Die Entwicklungen der letzten Jahrzehnte mit dem Postulat der multikulturellen Gesellschaft hat eindrucksvoll bewiesen, dass sowohl sprachlich als auch kulturell keine Fortschritte generiert wurden, es wurden erworbene Qualitäten zerstört.

Dieses führte irreversibel zu einem Verlust von Identität, die aber für eine europäische, diversifizierte Gesellschaft mit ihren Menschen lebenswichtig ist.

Eine vielleicht angestrebte europäische Identität, wäre sie überhaupt möglich, befände sich auf dem kleinsten gemeinsamen Nenner, der sich, ausgehend von den Ländern der Römischen Verträgen mit dem Eintritt jeden weiteren Landes schnell nach unten bewegt, um bald  die niedrigste Stufe zu erreichen: das Existenzniveau.

Samstag, 2. Juli 2011

Europa neu erfinden (1)

Die Eurokrise, die Bankenkrise, die Krise der Staatsschulden, die europäische Finanzkrise, wie immer man die gegenwärtige Situation Europas betiteln möchte, eines hat sich mit absoluter Sicherheit gezeigt: Europa ist überlastet, unfähig zu reagieren, die Situation zu managen, Lösungen zu finden, die ein Überleben im Euro-Raum garantiert.

Und genau hier ist aus diagnostischer Sicht der Tumor angesiedelt, der riesige Geldmittel verzehrt, sich davon selbst ernährt und  letztendlich zur Autoliquidierung führt.

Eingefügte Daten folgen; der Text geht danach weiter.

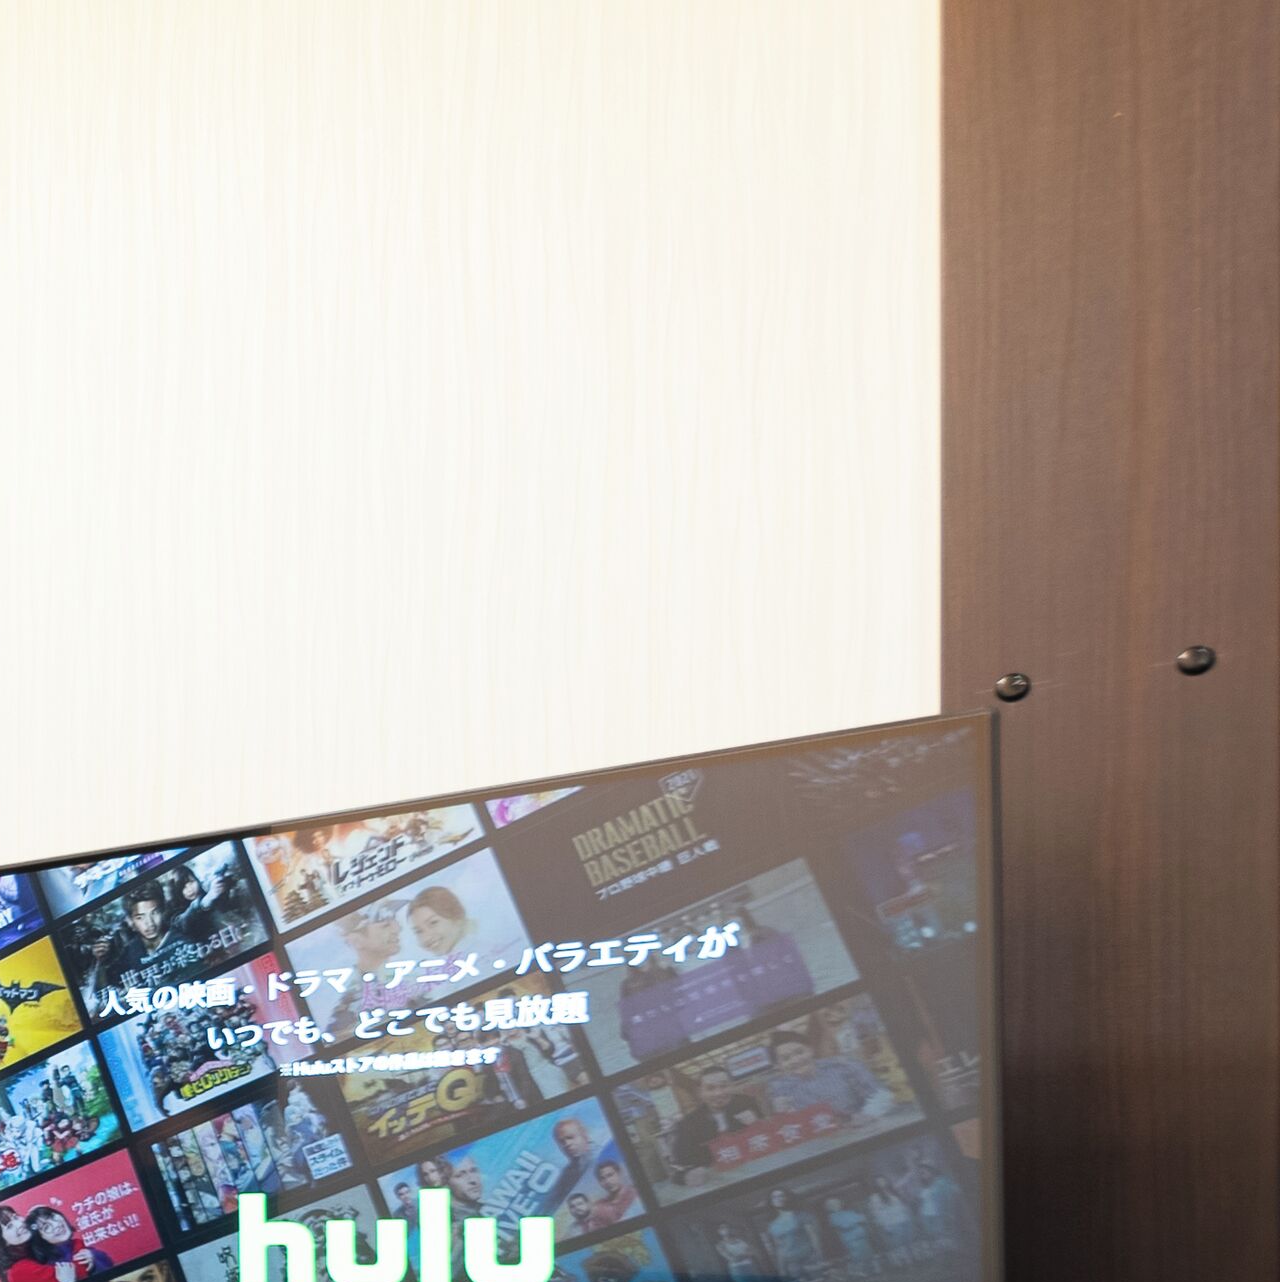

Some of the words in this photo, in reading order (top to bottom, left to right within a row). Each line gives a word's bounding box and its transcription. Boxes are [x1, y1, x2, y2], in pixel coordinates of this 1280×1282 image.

[572, 793, 694, 861] DRAMATIC
[583, 818, 707, 888] BASEBALL
[98, 921, 740, 1018] 人気の映画・ドラマ・アニメ・バラエティが
[206, 990, 591, 1052] いつでも、どこでも見放題
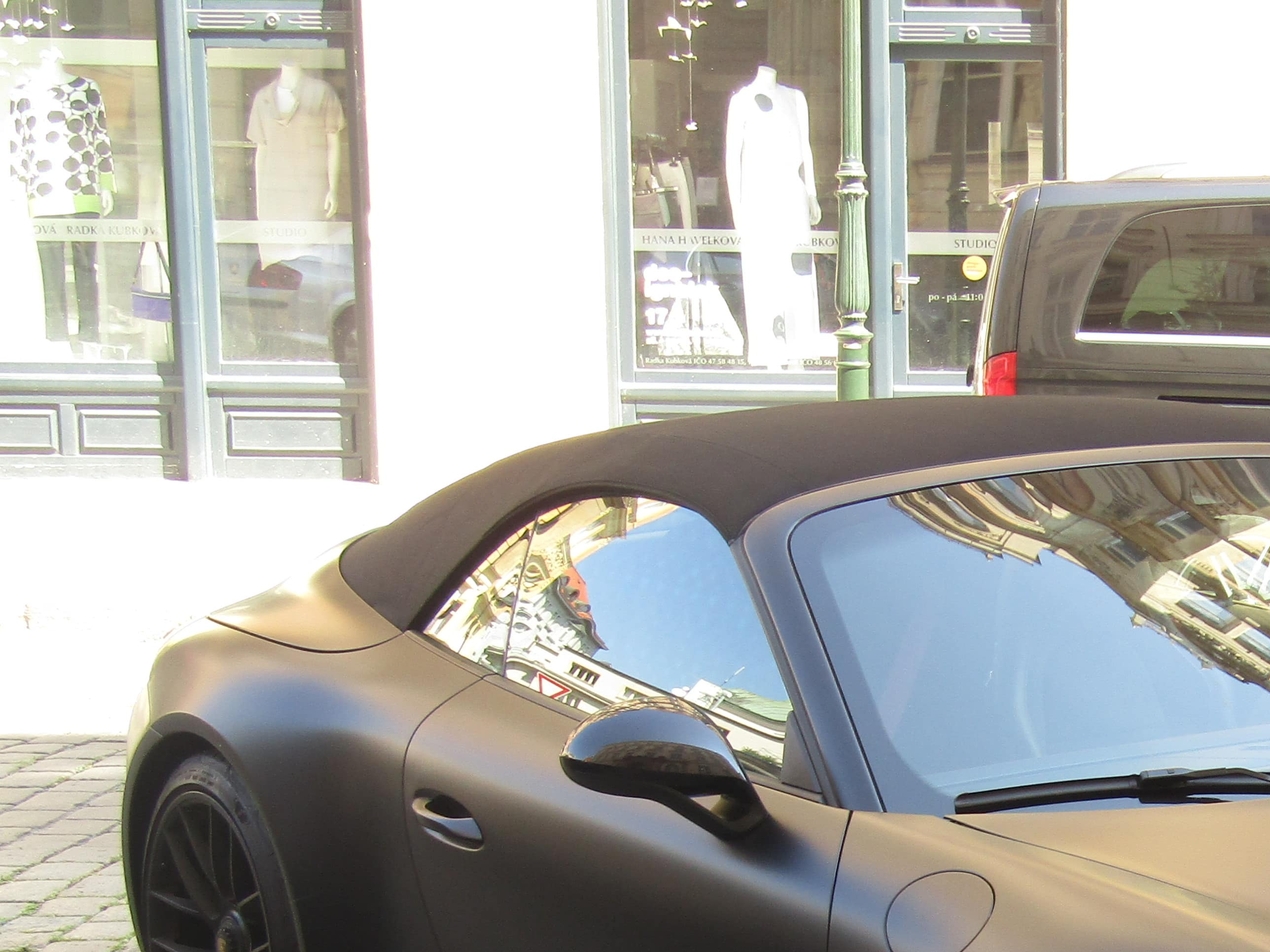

Die Länder, die nicht der Euro-Zone angehören, können, wenn auch angeschlagen, den Krisen entkommen, weil sie noch die Flexibilität haben, in Eigenregie ihre Währungen den wirtschaftlichen Bedürfnissen anzupassen.

Das Problem Europas ist seine Entstehung aus einer wirtschaftlichen Konzeption, und seiner fortschreitenden, unkontrollierten Entwicklung, die ebenfalls nur aus wirtschaftlichen Interessen ihre Kraft zieht.

Die Zentrierung der Politik Europas, die vielfältigen europäischen Institutionen und die Fülle von Verwaltungsvorschriften auf 80.000 Seiten zeigt, dass ein Verwaltungsmonstrum erschaffen wurde, das vorwiegend mit sich selbst beschäftigt ist, an seiner politischen Legitimierung arbeitet und in den Zeiten, in denen eine klare und effektive Enscheidungskompetzen gefordert wird, in ärmlicher Weise versagt. Derzeit ist Europa nicht das Synonym für westliche Demokratie, es ist undemokratisch, diktatorisch und bürgerfern.

Was ist von der Institution Europa zu erwarten, wenn die nationalen Regierungen es mit ausgedienten Politikern und solchen zweiter Kategorie bestückt?